Mental Health Support Services funded by the Northern Health and Social Care Trust include shopping, arts projects, courses, tutoring and other educational opportunities, talks and demonstrations, trips, social activities, personal services, emotional well-being support and complimentary therapies.

The Good Morning Antrim Telephone and Alert Service, in operation since April 2008, is funded by the Public Health Agency and aims to reduce the feelings of fear and isolation felt by the elderly and other members of the community.

People are contacted by telephone at pre-arranged times, and can have a chat about their health, well-being or other area of interest, learn about services and events in their area or discuss concerns which can, with permission, be passed on to other agencies or signposted to other services.

The service is available for people living in Toome, Randalstown, Antrim, Parkgate, Templepatrick and Crumlin.

The service provided a real lifeline to those struggling during the Coronavirus pandemic and food parcels were delivered far and wide.

Meanwhile, the Learning Zone provides opportunities for all abilities to access accredited computer training classes and clients can work at their own pace with a qualified and experienced tutor.

It promotes ‘lifelong learning’ and helps adults and young people in small groups to master the internet and email and other digital skills.

The Depression Support Group meets at the Family Caring Centre and is again open to anyone living in the old legacy Antrim council area.

It is supported by Aware NI and is hosted by trained facilitators in a safe, respectful and confidential environment.

Accommodation is also provided for counsellors from various organisations including the Nexus and Lifeline charities. and the premises hosts supervised ‘Child Contact’ meetings for the NHSCT Children with Disabilities Team and provide space for other local charities to meet including Links to Pink.

Three years ago, the centre lost former manager Alison O’Neill.

After battling the implications of a stroke in 2018, Alison developed cancer and passed away in February 2019.

While she was originally a Belfast woman, Alison adopted Antrim as her home after moving back from England in the late 1970s.

Fresh into the town, she first threw herself into youth work at St Comgall's Youth Club.
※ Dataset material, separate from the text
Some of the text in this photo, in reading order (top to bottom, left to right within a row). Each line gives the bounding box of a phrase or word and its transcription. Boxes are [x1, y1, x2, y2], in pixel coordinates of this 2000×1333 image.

As a youth worker, she helped a whole generation of young people in the town.

Then she moved to the Family Caring Centre.

There, she was half of a formidable partnership with her friend, the late Betty Given, both instrumental in continuing to build up great facilities for the community.
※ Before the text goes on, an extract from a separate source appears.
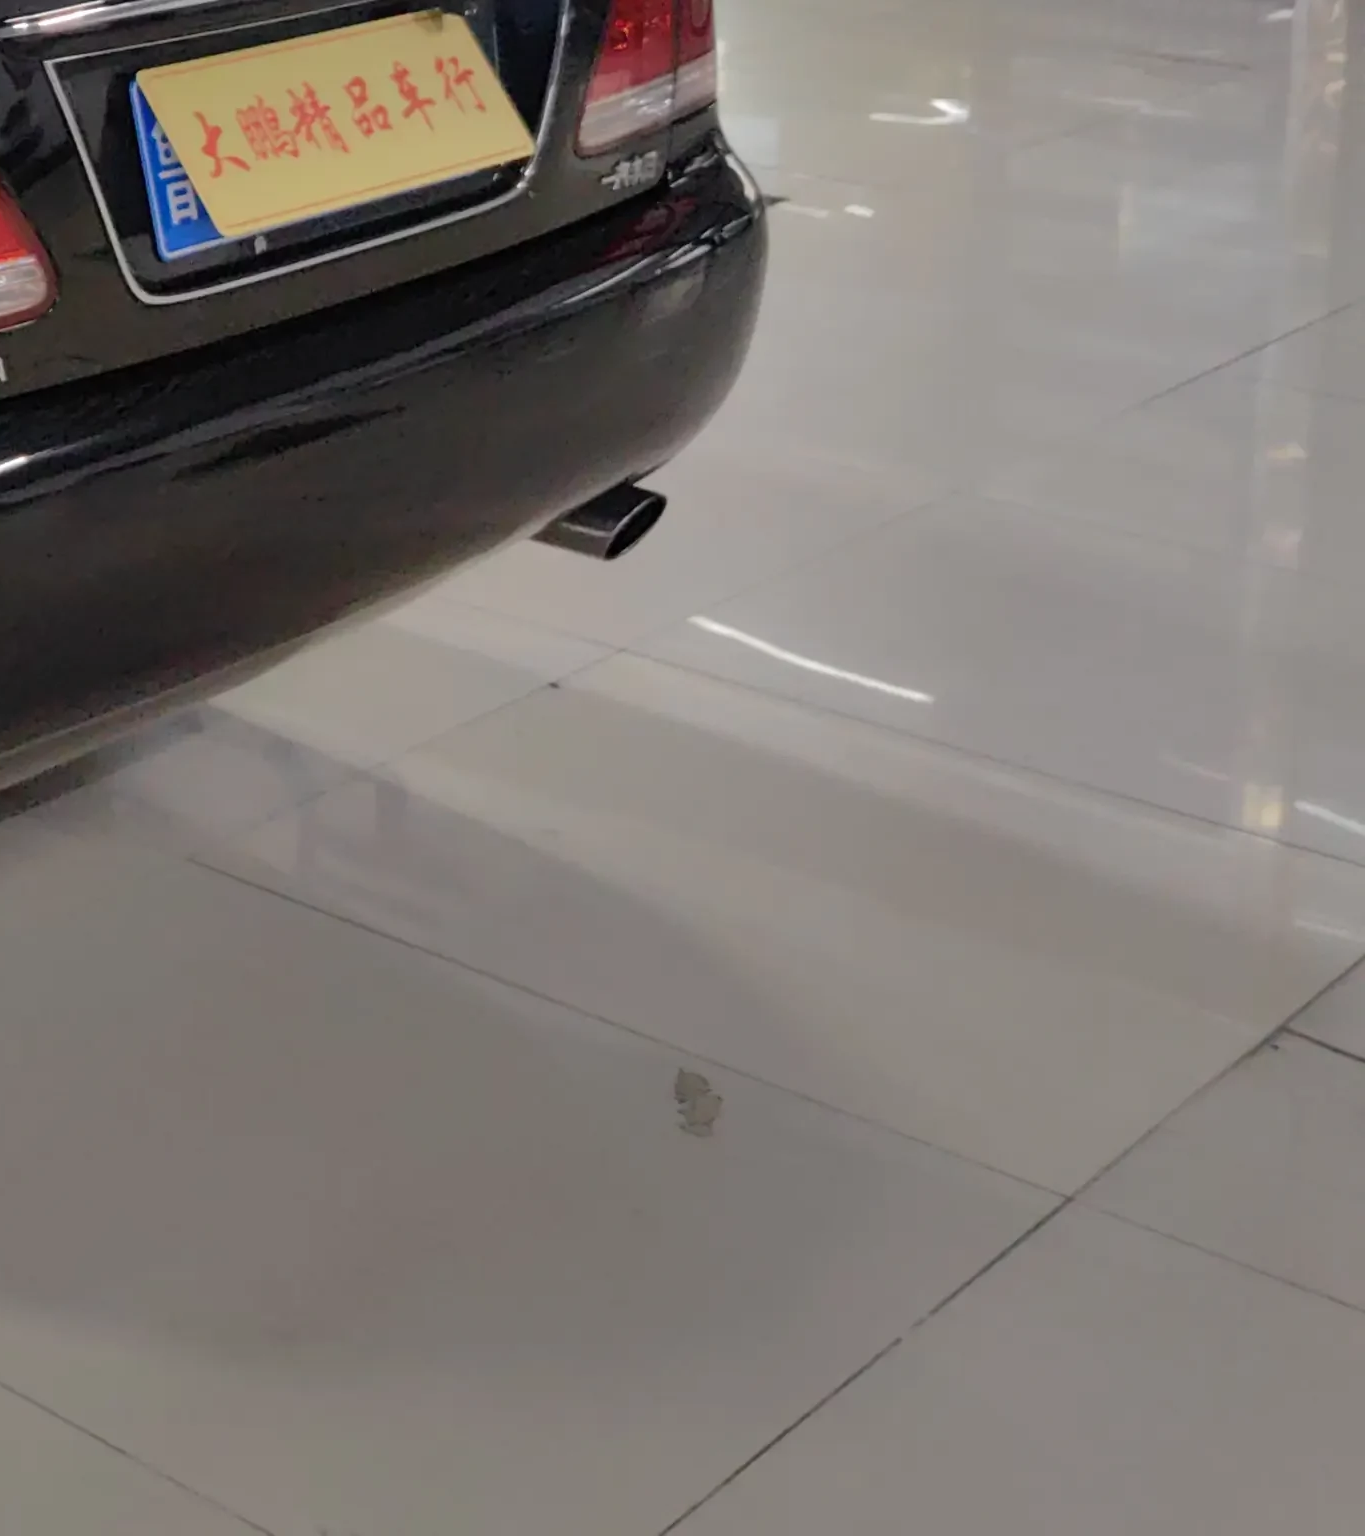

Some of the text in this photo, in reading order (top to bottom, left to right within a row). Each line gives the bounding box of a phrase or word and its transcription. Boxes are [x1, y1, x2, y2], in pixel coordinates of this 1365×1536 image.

[193, 55, 486, 178] 大鹏精品车行
She also helped people in their lives, supporting them to access training and develop their abilities to truly fulfil their potential.
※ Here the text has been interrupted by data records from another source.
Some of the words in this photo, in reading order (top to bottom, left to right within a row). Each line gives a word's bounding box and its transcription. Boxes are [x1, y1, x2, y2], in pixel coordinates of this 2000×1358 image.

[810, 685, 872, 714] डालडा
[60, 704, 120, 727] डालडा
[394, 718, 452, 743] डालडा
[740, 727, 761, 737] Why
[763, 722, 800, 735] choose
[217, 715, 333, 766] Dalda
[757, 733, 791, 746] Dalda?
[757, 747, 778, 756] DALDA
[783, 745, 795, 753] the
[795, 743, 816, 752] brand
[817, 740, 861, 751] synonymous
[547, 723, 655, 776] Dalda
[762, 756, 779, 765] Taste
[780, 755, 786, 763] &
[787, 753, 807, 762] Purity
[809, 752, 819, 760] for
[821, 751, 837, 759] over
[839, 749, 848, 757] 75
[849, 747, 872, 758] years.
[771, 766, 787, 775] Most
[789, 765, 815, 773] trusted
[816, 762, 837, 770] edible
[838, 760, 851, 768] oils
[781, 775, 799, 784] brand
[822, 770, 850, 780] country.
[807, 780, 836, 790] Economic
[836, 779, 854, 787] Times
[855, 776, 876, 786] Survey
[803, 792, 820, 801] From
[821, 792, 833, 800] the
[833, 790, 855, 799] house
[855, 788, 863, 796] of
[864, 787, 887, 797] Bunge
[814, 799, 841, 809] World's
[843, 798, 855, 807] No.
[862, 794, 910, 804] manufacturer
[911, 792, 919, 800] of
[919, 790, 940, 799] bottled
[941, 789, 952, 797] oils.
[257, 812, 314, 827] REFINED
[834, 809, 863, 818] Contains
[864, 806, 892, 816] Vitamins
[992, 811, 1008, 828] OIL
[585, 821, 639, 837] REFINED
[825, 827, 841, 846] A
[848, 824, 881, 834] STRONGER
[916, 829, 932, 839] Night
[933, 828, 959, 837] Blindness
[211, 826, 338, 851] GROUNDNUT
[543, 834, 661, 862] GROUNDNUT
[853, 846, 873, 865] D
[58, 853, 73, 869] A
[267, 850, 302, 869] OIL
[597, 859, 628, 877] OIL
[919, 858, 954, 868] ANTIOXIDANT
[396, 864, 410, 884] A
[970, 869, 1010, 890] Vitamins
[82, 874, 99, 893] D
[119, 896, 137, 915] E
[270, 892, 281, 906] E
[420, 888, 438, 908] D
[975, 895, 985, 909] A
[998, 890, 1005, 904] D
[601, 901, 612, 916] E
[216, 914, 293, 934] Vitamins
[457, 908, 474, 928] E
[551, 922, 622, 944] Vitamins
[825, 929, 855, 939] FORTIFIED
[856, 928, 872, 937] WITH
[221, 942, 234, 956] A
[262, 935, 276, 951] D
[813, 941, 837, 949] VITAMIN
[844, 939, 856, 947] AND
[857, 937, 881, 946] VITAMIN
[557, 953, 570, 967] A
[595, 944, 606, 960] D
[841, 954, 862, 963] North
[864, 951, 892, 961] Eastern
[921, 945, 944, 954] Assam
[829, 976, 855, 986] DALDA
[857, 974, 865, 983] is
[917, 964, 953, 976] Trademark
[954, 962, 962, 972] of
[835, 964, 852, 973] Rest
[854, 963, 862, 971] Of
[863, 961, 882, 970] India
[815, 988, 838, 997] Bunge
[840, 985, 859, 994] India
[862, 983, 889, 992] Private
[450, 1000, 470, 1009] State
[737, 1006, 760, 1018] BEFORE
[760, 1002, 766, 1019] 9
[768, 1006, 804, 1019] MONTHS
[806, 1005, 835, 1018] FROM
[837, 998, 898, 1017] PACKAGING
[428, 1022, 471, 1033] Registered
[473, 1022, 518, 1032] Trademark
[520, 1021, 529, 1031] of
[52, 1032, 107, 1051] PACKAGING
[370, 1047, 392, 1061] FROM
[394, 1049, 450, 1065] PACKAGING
Current manager Louise Goodman, who has been with the centre for around 15 years, said she has ‘worn many hats’ over the years.

After a career in retail, Louise worked part time and trained as a counsellor as her kids grew up.

Louise, a former Rathenraw resident who now lives in Randalstown, initially came to the centre on placement and ended up becoming a community liason.

She then took over the Good Morning Antrim service and became acting manager when Alison’s health began to fail, in charge of what she calls a ‘small but mighty’ team.

At the helm, she oversaw a complete overhaul of the dated and creaking IT and telephone services and a tidy-up of years of paperwork..

At the same time, the Grenfell Tower tragedy meant that the former Housing Executive properties underwent a refurb to bring them up to new fire safety regulations.

The ugly and forbidden wooden fencing, which had provided cover for burglars for many years, was replaced with a new security fence, opening up the building to the rolling green and mature trees surrounding it.

The Centre has since celebrated its 35th anniversary and new improvements are being undertaken all the time.

And it’s Louise and her team who have managed to salvage a beautiful ‘Cala Lily’, which had lain in the garden of the centre’s original founder Sr. Mary Clement Kelly, for many years.

Now the centre is remembering and paying homage to her work by placing a plaque in the garden beside the plant, with staff creating a special area to honour Sister Mary.

The new Mayor Stephen Ross will visit to officially dedicate the plaque and new garden area on Monday July 4.